Las investigaciones sociológicas que se realizan en los paises occidentales reflejan una preocupante y progresiva pérdida de confianza de los ciudadanos en sus líderes, en sus instituciones y en el mismo sistema democrático. Numerosos filósofos y sociólogos coinciden en señalar esa pérdida de confianza como uno de los problemas más graves del ser humano en el siglo recien iniciado.
Demasiadas experiencias y acontecimientos recientes han minado la confianza de los seres humanos en sus semejantes, en sus líderes y en el futuro. Europa entera está hoy políticamente alterada porque los "noes" de Francia y Holanda a la Constitución pusieron de manifiesto el creciente distanciamiento entre los políticos y los ciudadanos, entre los dirigentes políticos y los votantes.

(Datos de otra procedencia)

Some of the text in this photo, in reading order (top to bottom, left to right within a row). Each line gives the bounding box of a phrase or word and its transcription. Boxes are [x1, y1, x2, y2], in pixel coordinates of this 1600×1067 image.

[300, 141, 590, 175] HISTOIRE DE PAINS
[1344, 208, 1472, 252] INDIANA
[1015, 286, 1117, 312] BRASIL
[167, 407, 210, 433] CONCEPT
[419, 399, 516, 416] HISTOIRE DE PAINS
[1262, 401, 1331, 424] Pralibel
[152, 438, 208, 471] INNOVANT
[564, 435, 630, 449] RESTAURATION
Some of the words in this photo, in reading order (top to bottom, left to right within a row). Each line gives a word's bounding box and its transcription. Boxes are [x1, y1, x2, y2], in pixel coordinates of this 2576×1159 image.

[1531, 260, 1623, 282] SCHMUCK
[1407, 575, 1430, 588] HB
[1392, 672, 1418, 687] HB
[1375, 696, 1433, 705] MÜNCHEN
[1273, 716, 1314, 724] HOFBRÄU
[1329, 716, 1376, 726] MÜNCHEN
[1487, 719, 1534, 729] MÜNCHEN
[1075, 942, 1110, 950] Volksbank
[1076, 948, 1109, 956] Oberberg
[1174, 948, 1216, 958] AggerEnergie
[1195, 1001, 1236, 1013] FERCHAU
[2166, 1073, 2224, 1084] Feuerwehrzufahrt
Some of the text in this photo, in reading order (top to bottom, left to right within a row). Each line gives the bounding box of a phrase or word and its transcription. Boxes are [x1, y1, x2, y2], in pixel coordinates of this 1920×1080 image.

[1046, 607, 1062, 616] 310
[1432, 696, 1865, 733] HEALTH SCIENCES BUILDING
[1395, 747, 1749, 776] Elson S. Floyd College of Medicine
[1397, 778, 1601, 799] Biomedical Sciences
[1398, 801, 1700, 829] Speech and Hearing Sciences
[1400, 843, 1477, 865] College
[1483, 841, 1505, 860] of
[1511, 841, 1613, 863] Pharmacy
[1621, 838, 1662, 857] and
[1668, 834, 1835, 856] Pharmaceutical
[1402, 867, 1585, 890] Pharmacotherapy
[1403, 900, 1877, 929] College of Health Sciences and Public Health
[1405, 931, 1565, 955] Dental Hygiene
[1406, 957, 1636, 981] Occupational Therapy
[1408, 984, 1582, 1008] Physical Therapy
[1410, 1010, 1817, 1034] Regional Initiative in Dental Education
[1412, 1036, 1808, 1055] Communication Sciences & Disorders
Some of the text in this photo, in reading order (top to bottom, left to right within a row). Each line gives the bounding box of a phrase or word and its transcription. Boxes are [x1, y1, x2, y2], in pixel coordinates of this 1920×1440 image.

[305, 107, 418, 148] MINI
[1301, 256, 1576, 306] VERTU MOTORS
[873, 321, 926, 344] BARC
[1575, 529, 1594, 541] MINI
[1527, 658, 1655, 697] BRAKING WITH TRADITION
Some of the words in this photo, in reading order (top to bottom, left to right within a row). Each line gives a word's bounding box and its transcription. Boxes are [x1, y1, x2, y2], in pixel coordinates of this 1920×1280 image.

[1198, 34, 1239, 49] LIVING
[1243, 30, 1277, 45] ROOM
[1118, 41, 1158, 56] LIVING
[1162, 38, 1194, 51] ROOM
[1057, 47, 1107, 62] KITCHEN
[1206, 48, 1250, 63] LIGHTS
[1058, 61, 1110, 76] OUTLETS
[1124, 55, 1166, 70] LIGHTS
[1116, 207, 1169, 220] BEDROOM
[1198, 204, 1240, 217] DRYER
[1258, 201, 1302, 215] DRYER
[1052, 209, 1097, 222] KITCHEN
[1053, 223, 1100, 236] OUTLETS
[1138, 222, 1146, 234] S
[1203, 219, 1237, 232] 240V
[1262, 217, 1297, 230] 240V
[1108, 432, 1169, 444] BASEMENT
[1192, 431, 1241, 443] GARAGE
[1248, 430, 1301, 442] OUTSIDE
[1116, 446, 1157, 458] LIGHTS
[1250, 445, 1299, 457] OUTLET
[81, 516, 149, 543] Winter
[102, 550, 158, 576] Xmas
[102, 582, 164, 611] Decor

Hay demasiadas razones para desconfiar: el sida ha inyectado desconfianza en las relaciones sexuales; el síndrome de las vacas locas nos hizo desconfiar de los alimentos; los atentados de Nueva York y Madrid inundaron de inseguridad y miedo la vida cotidiana; el estallido de la burbuja tecnológica nos obligó a escapar de la bolsa de valores; cuando descubrimos que las grandes empresas mundiales falseaban sus cuentas y auditorías, la duda y la sospecha invadieron el mundo profesional; la neumonía asiática hizo que millones de personas desconfiaran hasta del aire que respiraban y caminaran enmascaradas por las grandes urbes; la mentira reincidente, el mercantilismo y la pérdida de valores democráticos han convertido en extraños a unos medios de comunicación, considerados hasta hace poco como el principal baluarte de la fe ciudadana en el sistema; el comportamiento de los políticos a lo largo del siglo XX, plagado de guerras, exterminios, éxodos, crimenes de estado, terrorismo estatal, ingeniería social demente y mil desmanes más, ha hundido en la ciénaga la fe de los ciudadanos en sus dirigentes.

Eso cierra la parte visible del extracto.